- PROBLEM TO WORK ON -
Transcribe each entry below exactly. Pictures do not go in the copy.

- RECORD EXCERPTS -
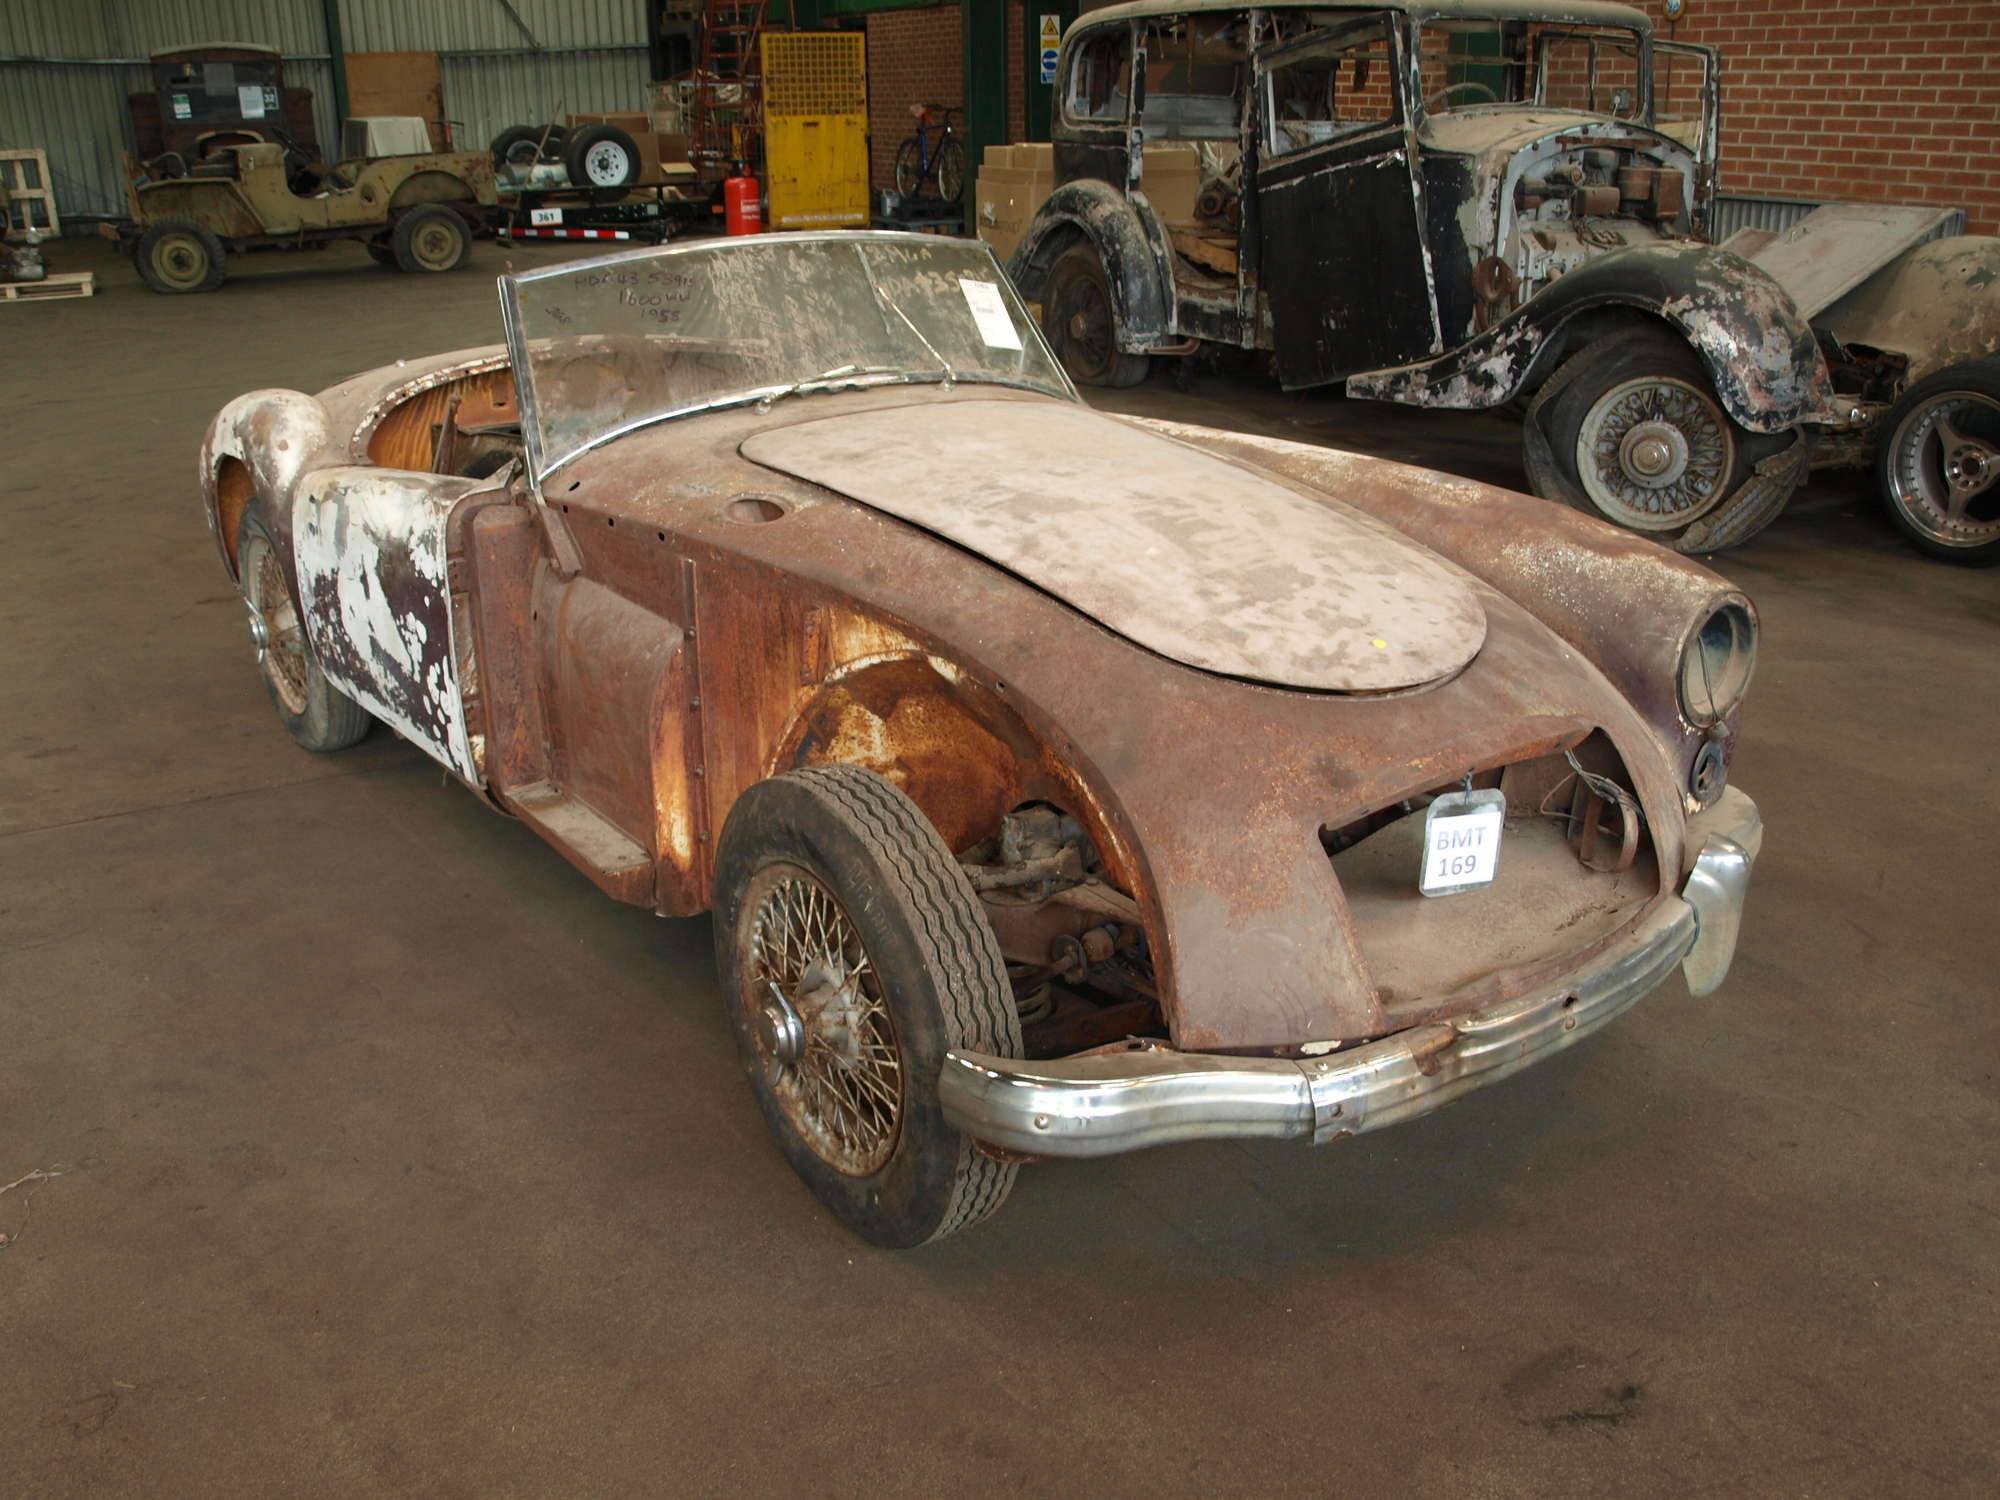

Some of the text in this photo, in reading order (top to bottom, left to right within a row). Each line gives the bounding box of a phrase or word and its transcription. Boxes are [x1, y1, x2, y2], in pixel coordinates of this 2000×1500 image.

[538, 213, 555, 222] 361
[619, 289, 662, 306] 1600
[1436, 826, 1488, 851] BMT
[1437, 854, 1477, 878] 169
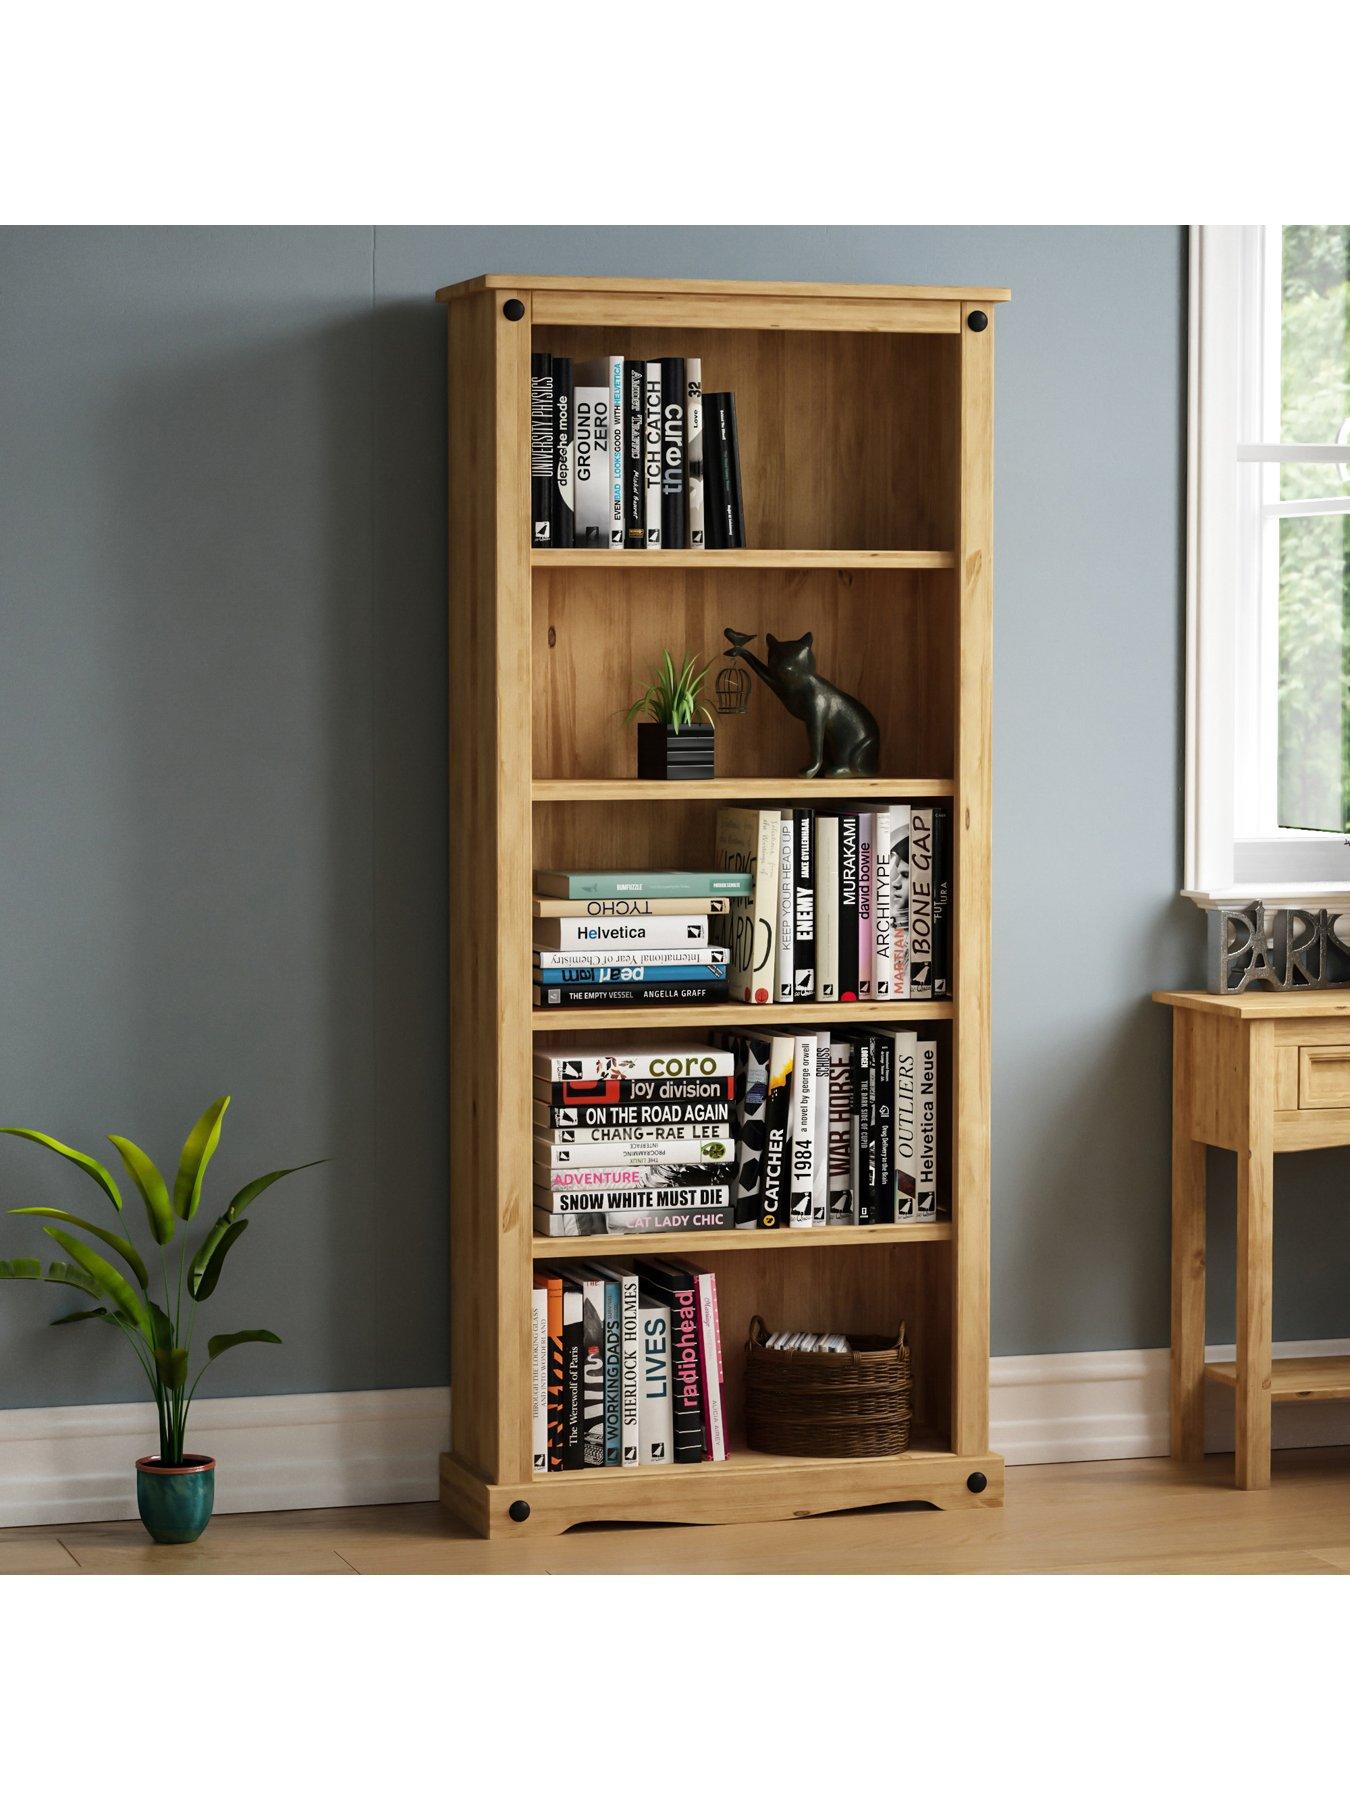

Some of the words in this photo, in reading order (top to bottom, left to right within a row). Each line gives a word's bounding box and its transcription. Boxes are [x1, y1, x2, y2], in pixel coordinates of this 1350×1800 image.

[532, 376, 553, 418] PHYSICS
[688, 381, 701, 398] 32
[557, 395, 568, 430] mode
[594, 402, 608, 452] ZERO
[647, 381, 661, 444] CATCH
[532, 420, 553, 476] UNIVERSITY
[578, 402, 590, 481] GROUND
[557, 434, 570, 486] depeche
[647, 450, 661, 488] TCH
[782, 826, 792, 842] UP
[801, 818, 810, 860] GYLLENHAAL
[912, 816, 931, 870] GAP
[782, 846, 792, 879] HEAD
[801, 861, 810, 878] JAKE
[843, 818, 856, 904] MURAKAMI
[859, 842, 870, 882] bowie
[588, 901, 652, 916] TYCHO
[782, 882, 792, 916] YOUR
[796, 887, 813, 940] ENEMY
[859, 886, 870, 920] david
[876, 854, 890, 958] ARCHITYPE
[578, 926, 646, 940] Helvetica
[782, 920, 791, 950] KEEP
[912, 882, 931, 955] BONE
[551, 954, 600, 966] Chemistry
[562, 968, 595, 982] jam
[599, 966, 644, 982] pearl
[602, 956, 613, 966] of
[616, 954, 638, 964] Year
[640, 954, 700, 964] International
[894, 928, 904, 994] MARTIAN
[644, 990, 678, 998] ANGELLA
[682, 989, 706, 997] GRAFF
[649, 1058, 716, 1076] coro
[816, 1048, 830, 1078] SCHUSS
[921, 1050, 934, 1095] Neue
[630, 1080, 654, 1099] joy
[660, 1080, 720, 1098] division
[802, 1069, 810, 1093] george
[829, 1057, 850, 1123] HORSE
[586, 1108, 606, 1124] ON
[610, 1106, 637, 1124] THE
[642, 1106, 682, 1122] ROAD
[684, 1104, 728, 1121] AGAIN
[800, 1094, 809, 1104] by
[898, 1055, 914, 1158] OUTLIERS
[591, 1127, 684, 1140] CHANG-RAE
[692, 1126, 720, 1138] LEE
[881, 1138, 889, 1157] Delivery
[921, 1102, 934, 1183] Helvetica
[764, 1128, 784, 1212] CATCHER
[794, 1140, 812, 1180] 1984
[829, 1130, 850, 1177] WAR
[554, 1172, 640, 1186] ADVENTURE
[560, 1194, 604, 1210] SNOW
[608, 1192, 652, 1208] WHITE
[657, 1190, 696, 1206] MUST
[700, 1189, 722, 1204] DIE
[654, 1216, 690, 1228] LADY
[693, 1214, 724, 1226] CHIC
[624, 1284, 637, 1341] HOLMES
[569, 1346, 578, 1368] Paris
[644, 1318, 666, 1398] LIVES
[675, 1291, 698, 1407] radiohead
[569, 1370, 578, 1380] of
[624, 1350, 637, 1426] SHERLOCK
[569, 1382, 578, 1425] Werewolf
[569, 1427, 578, 1446] The

- EXERCISE RESPONSE -
Some of the text in this photo, in reading order (top to bottom, left to right within a row). Each line gives the bounding box of a phrase or word and its transcription. Boxes are [x1, y1, x2, y2], in pixel coordinates of this 2000×1500 image.

[538, 213, 555, 222] 361
[619, 289, 662, 306] 1600
[1436, 826, 1488, 851] BMT
[1437, 854, 1477, 878] 169

Some of the words in this photo, in reading order (top to bottom, left to right within a row). Each line gives a word's bounding box and its transcription. Boxes are [x1, y1, x2, y2], in pixel coordinates of this 1350×1800 image.

[532, 376, 553, 418] PHYSICS
[688, 381, 701, 398] 32
[557, 395, 568, 430] mode
[594, 402, 608, 452] ZERO
[647, 381, 661, 444] CATCH
[532, 420, 553, 476] UNIVERSITY
[578, 402, 590, 481] GROUND
[557, 434, 570, 486] depeche
[647, 450, 661, 488] TCH
[782, 826, 792, 842] UP
[801, 818, 810, 860] GYLLENHAAL
[912, 816, 931, 870] GAP
[782, 846, 792, 879] HEAD
[801, 861, 810, 878] JAKE
[843, 818, 856, 904] MURAKAMI
[859, 842, 870, 882] bowie
[588, 901, 652, 916] TYCHO
[782, 882, 792, 916] YOUR
[796, 887, 813, 940] ENEMY
[859, 886, 870, 920] david
[876, 854, 890, 958] ARCHITYPE
[578, 926, 646, 940] Helvetica
[782, 920, 791, 950] KEEP
[912, 882, 931, 955] BONE
[551, 954, 600, 966] Chemistry
[562, 968, 595, 982] jam
[599, 966, 644, 982] pearl
[602, 956, 613, 966] of
[616, 954, 638, 964] Year
[640, 954, 700, 964] International
[894, 928, 904, 994] MARTIAN
[644, 990, 678, 998] ANGELLA
[682, 989, 706, 997] GRAFF
[649, 1058, 716, 1076] coro
[816, 1048, 830, 1078] SCHUSS
[921, 1050, 934, 1095] Neue
[630, 1080, 654, 1099] joy
[660, 1080, 720, 1098] division
[802, 1069, 810, 1093] george
[829, 1057, 850, 1123] HORSE
[586, 1108, 606, 1124] ON
[610, 1106, 637, 1124] THE
[642, 1106, 682, 1122] ROAD
[684, 1104, 728, 1121] AGAIN
[800, 1094, 809, 1104] by
[898, 1055, 914, 1158] OUTLIERS
[591, 1127, 684, 1140] CHANG-RAE
[692, 1126, 720, 1138] LEE
[881, 1138, 889, 1157] Delivery
[921, 1102, 934, 1183] Helvetica
[764, 1128, 784, 1212] CATCHER
[794, 1140, 812, 1180] 1984
[829, 1130, 850, 1177] WAR
[554, 1172, 640, 1186] ADVENTURE
[560, 1194, 604, 1210] SNOW
[608, 1192, 652, 1208] WHITE
[657, 1190, 696, 1206] MUST
[700, 1189, 722, 1204] DIE
[654, 1216, 690, 1228] LADY
[693, 1214, 724, 1226] CHIC
[624, 1284, 637, 1341] HOLMES
[569, 1346, 578, 1368] Paris
[644, 1318, 666, 1398] LIVES
[675, 1291, 698, 1407] radiohead
[569, 1370, 578, 1380] of
[624, 1350, 637, 1426] SHERLOCK
[569, 1382, 578, 1425] Werewolf
[569, 1427, 578, 1446] The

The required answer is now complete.